Распространенность субклинического тиреотоксикоза
Результаты исследований показывают, что распространенность субклинического тиреотоксикоза варьирует от 0,6 до 3,9% населения – в зависимости от чувствительности метода исследования, используемого для определения ТТГ, и дефицита йода в регионе [1, 3]. Так, согласно данным исследования FHS, в котором участвовали 2007 пациентов 60 лет и старше, сниженный уровень ТТГ был выявлен у 3,9% больных (часть из них принимала препараты тиреоидных гормонов), манифестный тиреотоксикоз – у 0,2% [3]. В колорадском исследовании субклинический тиреотоксикоз диагностирован в 2,1% случаев, в 20% из них пациенты принимали препараты тиреоидных гормонов [1]. В исследовании NHANES III (1988–1994) субклинический тиреотоксикоз отмечен у 0,8% популяции от 12 до 80 лет, манифестный тиреотоксикоз – у 0,5% [2].

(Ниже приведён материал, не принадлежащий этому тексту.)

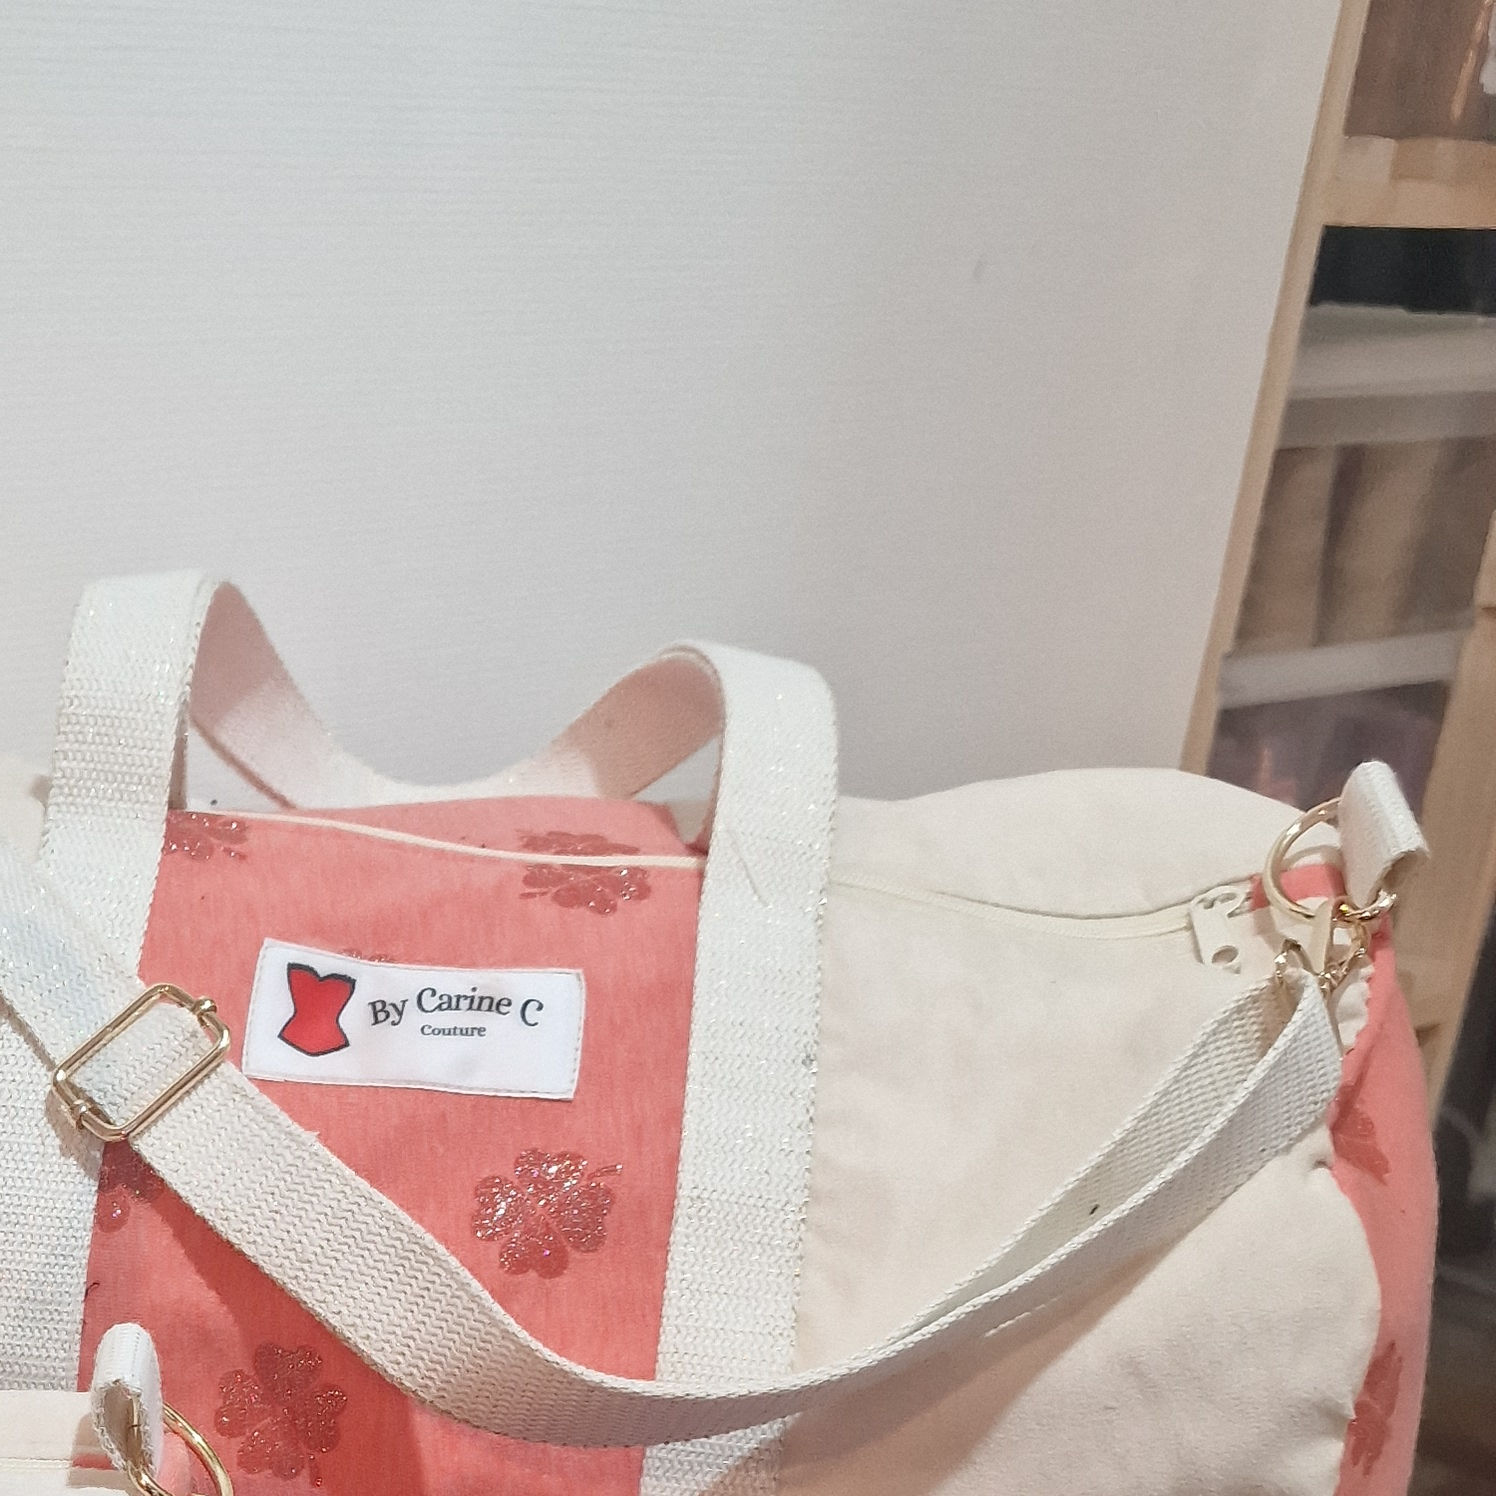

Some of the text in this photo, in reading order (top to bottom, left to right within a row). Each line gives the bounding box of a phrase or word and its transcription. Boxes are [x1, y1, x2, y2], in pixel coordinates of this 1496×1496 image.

Низкий уровень ТТГ чаще наблюдается у лиц старшего возраста, женщин и представителей негроидной расы.
В среднем в популяции частота субклинического тиреотоксикоза составляет около 2% [4–6]. В йоддефицитных регионах распространенность субклинического тиреотоксикоза может быть значительно выше.
Диагностика
Диагностика субклинических состояний функциональной активности щитовидной железы (ЩЖ) стала возможной благодаря развитию лабораторных методов исследования. Она включает определение уровня ТТГ, T4 и T3, причем как свободных, так и связанных с белками.

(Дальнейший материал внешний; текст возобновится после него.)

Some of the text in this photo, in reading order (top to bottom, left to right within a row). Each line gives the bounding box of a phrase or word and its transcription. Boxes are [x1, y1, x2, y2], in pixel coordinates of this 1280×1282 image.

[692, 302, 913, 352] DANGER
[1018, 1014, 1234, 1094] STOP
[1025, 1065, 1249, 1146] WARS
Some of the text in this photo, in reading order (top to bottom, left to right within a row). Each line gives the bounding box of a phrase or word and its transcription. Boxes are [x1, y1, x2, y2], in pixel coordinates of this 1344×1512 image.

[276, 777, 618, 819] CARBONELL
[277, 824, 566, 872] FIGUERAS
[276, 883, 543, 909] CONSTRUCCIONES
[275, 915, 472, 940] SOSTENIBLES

Величина общего T4 и T3 в большей степени зависит от концентрации связывающих белков, чем от нарушения функции ЩЖ. При повышении содержания транспортных белков (использование контрацептивов, беременность) или его снижении (уровень андрогенов, цирроз печени, нефротический синдром, генетические нарушения) изменяется общая концентрация гормонов, но не содержание свободных фракций.

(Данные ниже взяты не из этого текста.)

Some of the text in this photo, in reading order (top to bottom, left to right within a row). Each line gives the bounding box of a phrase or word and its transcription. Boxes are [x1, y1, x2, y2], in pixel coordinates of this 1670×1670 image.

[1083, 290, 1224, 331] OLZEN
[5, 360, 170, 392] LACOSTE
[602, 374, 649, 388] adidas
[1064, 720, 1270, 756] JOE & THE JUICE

Изменение концентрации связывающих белков способно осложнить интерпретацию результатов исследования. В этой связи определение св. T4 и св. T3 имеет большую диагностическую значимость.
Для определения функциональных нарушений ЩЖ важное значение имеет уровень ТТГ [7]. Современные высокочувствительные методы третьего поколения позволяют определить концентрацию ТТГ < 0,01 мЕд/л, поэтому с их помощью удается выявить малейшие изменения данного показателя [2]. Созданная в 2002 г. рабочая группа, включавшая представителей Американской тиреоидологической ассоциации, Американской ассоциации клинических эндокринологов, Эндокринологического общества, установила референсный интервал для ТТГ – 0,45–4,50 мЕд/л. Уровень ТТГ < 0,1 мЕд/л предложено считать существенно сниженным, от 0,1 до 0,45 мЕд/л – незначительно сниженным [8].
Этиология
Субклинический тиреотоксикоз принято подразделять на экзогенный и эндогенный. Причинами первого являются передозировка левотироксином при заместительной терапии гипотиреоза или супрессивной терапии у пациентов, получающих лечение по поводу высокодифференцированного рака ЩЖ, а также прием йодсодержащих препаратов, в частности амиодарона, рентгеноконтрастных средств. Причинами второго – болезнь Грейвса, многоузловой зоб и функциональная автономия ЩЖ [8–13]. Среди эндогенных причин первое место занимает болезнь Грейвса. По данным В. Brownlie и соавт., около 20% пациентов, получавших радиойодтерапию или подвергнутых субтотальной тиреоидэктомии по поводу болезни Грейвса, имеют низкий уровень ТТГ при нормальных сывороточных концентрациях св. Т3 и св. Т4. Низкий уровень ТТГ наблюдался у аналогичного количества пациентов, получавших медикаментозную тиреостатическую терапию [14, 15]. Однако болезнь Грейвса может быть причиной субклинического тиреотоксикоза и без предшествующего лечения манифестного тиреотоксикоза – так называемая ранняя болезнь Грейвса. Ее подтверждением служит диффузное усиление захвата изотопа при сцинтиграфии ЩЖ, а также положительные уровни антител к рецептору ТТГ [6, 16]. Субклинический тиреотоксикоз может быть следствием медленного восстановления функции гипофиза после лечения манифестного тиреотоксикоза [6, 17].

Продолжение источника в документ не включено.